I habitually ask my adolescent patients what they hope to be as adults, and it seemed natural to ask her too. She told me she wanted to be a nurse. I felt a kind of relief that she had set her sights high. I prayed that her own experience would make her tender toward her future patients. I also prayed that, despite my fatigue, I would manage to be kind to her, to be her advocate. I recalled the times I’d made choices that caused me and others to suffer. Most often I’d made them when I felt a certain poverty of spirit or had forgotten my dignity. I wondered if this girl, in her impoverishment and her youth, had ever known her dignity and her destiny as one loved by God. If not, how could she begin to appreciate the life hidden and growing within her?
I completed the pelvic exam and helped the young woman out of the stirrups and into a sitting position. She then asked me to invite her mother in to discuss the plan. Dutifully, I escorted my patient’s mother and little daughter into the exam room. The walk down the hall seemed to take an eternity. Once in the room, the patient’s daughter climbed into her arms. The little girl’s braided hair fell about her face as she fumbled with her mother’s breast. Patiently, the young woman repositioned the child and directed her own gaze toward her mother. Tears welled up in the older woman’s eyes as her daughter said she wanted a termination. “She can’t handle another child,” the patient’s mother said. “We can’t handle another child.” I sensed in her a conflict between her personal grief and a visceral instinct to protect her daughter. In the end, both of them seemed resolute about the decision.
I treated the sexually transmitted disease and made a referral to an ob-gyn group rather than to an abortion clinic. I knew the group could provide obstetrical care as well as an abortion. What the patient and that provider eventually decided to do would be beyond my control. But if I delayed the referral or refused to make it, I feared the young woman would pursue a medically dangerous procedure or ultimately seek a late-term abortion. I wrestled with my conscience about not counseling her more strongly against an abortion, but on that particular day I was not able to make a further argument. I sensed in her vulnerability and weary desperation a depth of suffering that made my arguments seem pale.

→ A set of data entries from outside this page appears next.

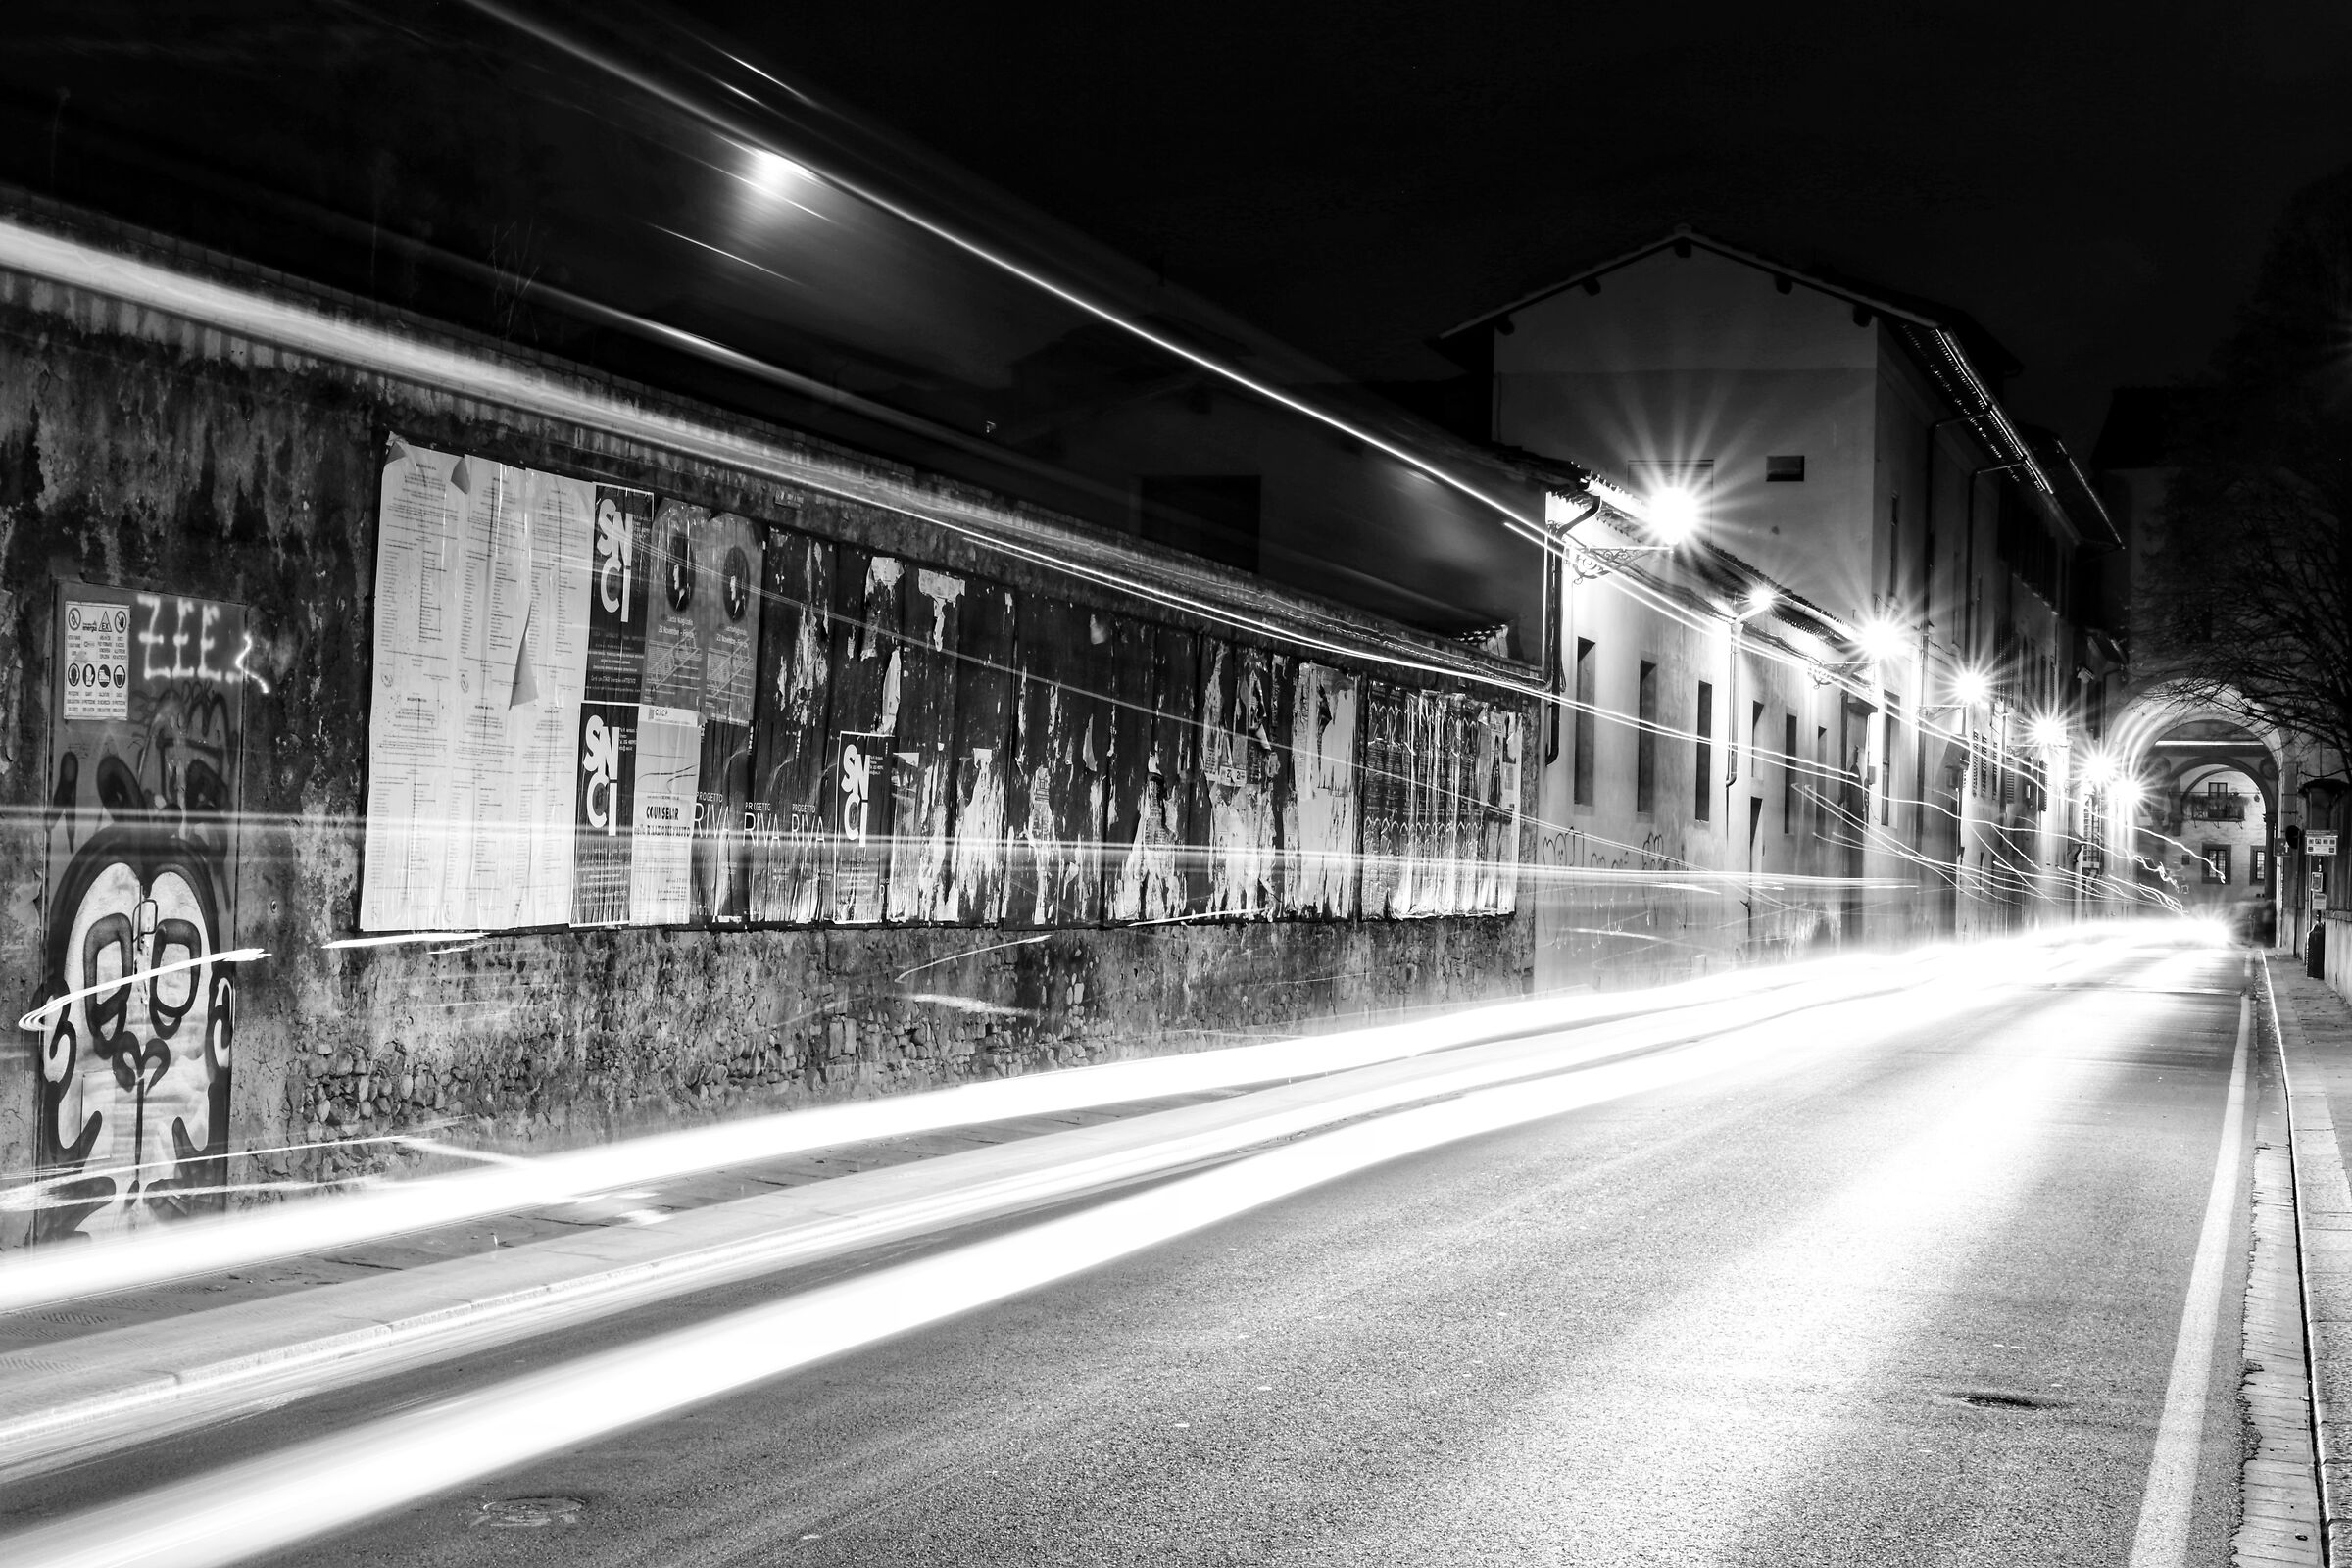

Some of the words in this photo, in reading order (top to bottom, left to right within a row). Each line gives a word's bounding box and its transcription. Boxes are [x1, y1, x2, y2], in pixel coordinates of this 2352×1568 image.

[696, 792, 723, 803] PROGETTO
[745, 802, 771, 812] PROGETTO
[792, 803, 816, 814] PROGETTO
[694, 802, 730, 839] RIVA
[742, 812, 781, 847] RIVA
[791, 813, 826, 849] RIVA

I ended our encounter by telling the young woman that I hoped she would eventually come to know that she was loved, and that she would come to experience that knowledge in her life. I recalled a talk I had once heard by Cynthia Bourgereau, an Episcopal priest and contemplative, about how Christ harrowed hell by simply sitting there in love. I thought about the Gospels and the woman at the well, the demoniac possessed by Legion, the paralytic who was able to walk when Jesus had forgiven his sins, and the many lepers Jesus had healed and restored to their place in society. I thought that such love was probably the only thing that would save my patient, her children, and myself.